[Phrase grounding data]

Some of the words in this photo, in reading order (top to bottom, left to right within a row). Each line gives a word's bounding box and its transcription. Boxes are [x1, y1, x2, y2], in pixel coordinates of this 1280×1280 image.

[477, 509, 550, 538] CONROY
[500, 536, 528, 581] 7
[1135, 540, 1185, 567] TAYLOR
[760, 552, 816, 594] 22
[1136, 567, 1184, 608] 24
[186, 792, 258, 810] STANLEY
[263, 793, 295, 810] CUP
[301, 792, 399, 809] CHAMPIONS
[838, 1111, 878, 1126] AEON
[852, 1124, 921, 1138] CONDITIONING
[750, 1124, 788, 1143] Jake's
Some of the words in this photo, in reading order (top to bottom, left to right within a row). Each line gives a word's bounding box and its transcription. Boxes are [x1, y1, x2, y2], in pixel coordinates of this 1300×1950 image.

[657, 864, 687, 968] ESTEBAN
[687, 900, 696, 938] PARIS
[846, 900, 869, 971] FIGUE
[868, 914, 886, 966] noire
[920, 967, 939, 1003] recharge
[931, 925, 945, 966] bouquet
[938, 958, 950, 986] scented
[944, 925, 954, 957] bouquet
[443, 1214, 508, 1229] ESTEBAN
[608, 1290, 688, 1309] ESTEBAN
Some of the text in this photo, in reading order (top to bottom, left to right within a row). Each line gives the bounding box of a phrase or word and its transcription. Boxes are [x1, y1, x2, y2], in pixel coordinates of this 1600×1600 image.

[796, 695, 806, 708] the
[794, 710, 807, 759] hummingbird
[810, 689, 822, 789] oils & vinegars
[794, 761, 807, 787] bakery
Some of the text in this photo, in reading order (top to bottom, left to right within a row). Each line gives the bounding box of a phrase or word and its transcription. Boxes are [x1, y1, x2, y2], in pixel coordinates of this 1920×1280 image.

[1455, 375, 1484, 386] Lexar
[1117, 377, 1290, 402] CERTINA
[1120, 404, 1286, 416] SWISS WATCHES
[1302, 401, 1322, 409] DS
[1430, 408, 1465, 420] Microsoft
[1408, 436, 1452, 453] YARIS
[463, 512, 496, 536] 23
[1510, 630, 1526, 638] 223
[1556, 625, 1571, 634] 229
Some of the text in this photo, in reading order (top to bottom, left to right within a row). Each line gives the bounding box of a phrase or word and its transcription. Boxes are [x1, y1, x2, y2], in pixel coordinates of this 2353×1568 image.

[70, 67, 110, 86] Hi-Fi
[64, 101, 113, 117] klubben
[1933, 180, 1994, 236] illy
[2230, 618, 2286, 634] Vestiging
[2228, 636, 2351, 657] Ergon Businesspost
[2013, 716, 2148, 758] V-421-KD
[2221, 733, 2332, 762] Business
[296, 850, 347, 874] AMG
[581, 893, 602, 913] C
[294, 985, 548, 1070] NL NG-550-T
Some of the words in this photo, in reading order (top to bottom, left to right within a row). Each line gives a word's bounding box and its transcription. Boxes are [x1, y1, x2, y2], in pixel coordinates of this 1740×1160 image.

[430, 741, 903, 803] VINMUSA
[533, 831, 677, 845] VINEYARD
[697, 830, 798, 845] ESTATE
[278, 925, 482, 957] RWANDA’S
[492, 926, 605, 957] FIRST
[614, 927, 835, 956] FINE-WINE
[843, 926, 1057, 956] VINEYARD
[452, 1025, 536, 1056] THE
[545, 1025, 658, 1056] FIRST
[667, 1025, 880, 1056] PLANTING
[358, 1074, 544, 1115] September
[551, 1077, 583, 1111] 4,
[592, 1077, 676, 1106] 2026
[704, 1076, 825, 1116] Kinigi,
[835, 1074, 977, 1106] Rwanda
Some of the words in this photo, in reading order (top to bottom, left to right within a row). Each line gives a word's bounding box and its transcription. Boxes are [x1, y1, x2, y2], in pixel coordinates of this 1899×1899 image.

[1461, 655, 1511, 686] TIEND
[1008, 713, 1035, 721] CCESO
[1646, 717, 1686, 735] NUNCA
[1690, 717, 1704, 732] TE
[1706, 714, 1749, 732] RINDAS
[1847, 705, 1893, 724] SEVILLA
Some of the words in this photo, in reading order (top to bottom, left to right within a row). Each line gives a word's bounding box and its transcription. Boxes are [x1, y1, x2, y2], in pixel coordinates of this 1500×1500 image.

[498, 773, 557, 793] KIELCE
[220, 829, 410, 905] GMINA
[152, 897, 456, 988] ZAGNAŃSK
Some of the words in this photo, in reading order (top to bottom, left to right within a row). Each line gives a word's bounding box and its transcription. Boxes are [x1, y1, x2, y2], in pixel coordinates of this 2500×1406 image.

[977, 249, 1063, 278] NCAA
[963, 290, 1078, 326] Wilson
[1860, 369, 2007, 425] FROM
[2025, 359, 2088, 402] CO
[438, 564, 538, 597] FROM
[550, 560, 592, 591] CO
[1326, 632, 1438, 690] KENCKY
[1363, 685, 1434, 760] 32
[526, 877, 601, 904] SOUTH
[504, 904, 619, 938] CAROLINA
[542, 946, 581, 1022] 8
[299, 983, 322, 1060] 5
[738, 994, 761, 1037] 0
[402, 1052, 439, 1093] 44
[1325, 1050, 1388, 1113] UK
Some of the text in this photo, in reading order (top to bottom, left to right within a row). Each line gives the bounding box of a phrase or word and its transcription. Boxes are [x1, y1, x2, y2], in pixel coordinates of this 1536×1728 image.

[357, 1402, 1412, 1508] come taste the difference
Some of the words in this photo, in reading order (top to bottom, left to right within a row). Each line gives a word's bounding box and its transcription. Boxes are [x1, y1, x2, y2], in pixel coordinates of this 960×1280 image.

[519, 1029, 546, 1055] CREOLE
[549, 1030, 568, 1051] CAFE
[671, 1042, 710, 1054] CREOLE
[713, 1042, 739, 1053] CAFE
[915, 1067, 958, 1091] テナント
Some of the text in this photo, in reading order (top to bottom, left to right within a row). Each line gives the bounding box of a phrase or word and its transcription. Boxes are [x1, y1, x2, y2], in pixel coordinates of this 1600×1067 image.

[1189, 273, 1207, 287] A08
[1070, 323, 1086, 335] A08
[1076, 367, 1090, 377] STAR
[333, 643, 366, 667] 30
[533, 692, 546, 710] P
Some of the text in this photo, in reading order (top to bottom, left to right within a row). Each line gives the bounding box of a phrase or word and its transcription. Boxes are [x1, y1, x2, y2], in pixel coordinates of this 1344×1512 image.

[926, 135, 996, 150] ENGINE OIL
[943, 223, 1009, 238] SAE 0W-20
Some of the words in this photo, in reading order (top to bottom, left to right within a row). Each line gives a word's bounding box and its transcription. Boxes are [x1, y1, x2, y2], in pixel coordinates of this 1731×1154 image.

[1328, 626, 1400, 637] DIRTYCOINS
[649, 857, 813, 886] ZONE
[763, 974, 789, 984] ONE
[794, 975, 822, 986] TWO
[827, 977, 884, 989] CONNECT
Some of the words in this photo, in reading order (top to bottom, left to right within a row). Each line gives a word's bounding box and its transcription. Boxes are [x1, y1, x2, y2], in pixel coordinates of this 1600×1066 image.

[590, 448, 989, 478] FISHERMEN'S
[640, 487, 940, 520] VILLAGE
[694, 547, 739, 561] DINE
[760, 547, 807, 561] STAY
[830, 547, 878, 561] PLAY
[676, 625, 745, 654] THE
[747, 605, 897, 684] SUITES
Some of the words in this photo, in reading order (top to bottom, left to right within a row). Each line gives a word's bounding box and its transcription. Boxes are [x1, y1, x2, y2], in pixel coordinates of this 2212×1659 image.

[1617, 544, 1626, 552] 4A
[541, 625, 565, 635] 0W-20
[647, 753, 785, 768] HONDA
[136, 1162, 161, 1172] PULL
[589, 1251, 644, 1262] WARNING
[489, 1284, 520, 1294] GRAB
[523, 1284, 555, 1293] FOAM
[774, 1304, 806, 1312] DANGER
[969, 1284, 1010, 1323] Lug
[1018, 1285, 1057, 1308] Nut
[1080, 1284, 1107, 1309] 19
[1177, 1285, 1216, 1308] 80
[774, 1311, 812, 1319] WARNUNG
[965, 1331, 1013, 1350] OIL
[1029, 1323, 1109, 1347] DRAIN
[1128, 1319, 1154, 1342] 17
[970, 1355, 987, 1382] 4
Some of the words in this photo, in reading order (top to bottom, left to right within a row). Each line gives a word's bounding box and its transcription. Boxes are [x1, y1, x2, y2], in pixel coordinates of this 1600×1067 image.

-- WHAT TO PRODUCE --
The answer should be exactly the lines from the one that contains "this 2212×1659 image." through the end of the entries, both ends included, and nothing besides.

-- EXPECTED ANSWER --
Some of the words in this photo, in reading order (top to bottom, left to right within a row). Each line gives a word's bounding box and its transcription. Boxes are [x1, y1, x2, y2], in pixel coordinates of this 2212×1659 image.

[1617, 544, 1626, 552] 4A
[541, 625, 565, 635] 0W-20
[647, 753, 785, 768] HONDA
[136, 1162, 161, 1172] PULL
[589, 1251, 644, 1262] WARNING
[489, 1284, 520, 1294] GRAB
[523, 1284, 555, 1293] FOAM
[774, 1304, 806, 1312] DANGER
[969, 1284, 1010, 1323] Lug
[1018, 1285, 1057, 1308] Nut
[1080, 1284, 1107, 1309] 19
[1177, 1285, 1216, 1308] 80
[774, 1311, 812, 1319] WARNUNG
[965, 1331, 1013, 1350] OIL
[1029, 1323, 1109, 1347] DRAIN
[1128, 1319, 1154, 1342] 17
[970, 1355, 987, 1382] 4
Some of the words in this photo, in reading order (top to bottom, left to right within a row). Each line gives a word's bounding box and its transcription. Boxes are [x1, y1, x2, y2], in pixel coordinates of this 1600×1067 image.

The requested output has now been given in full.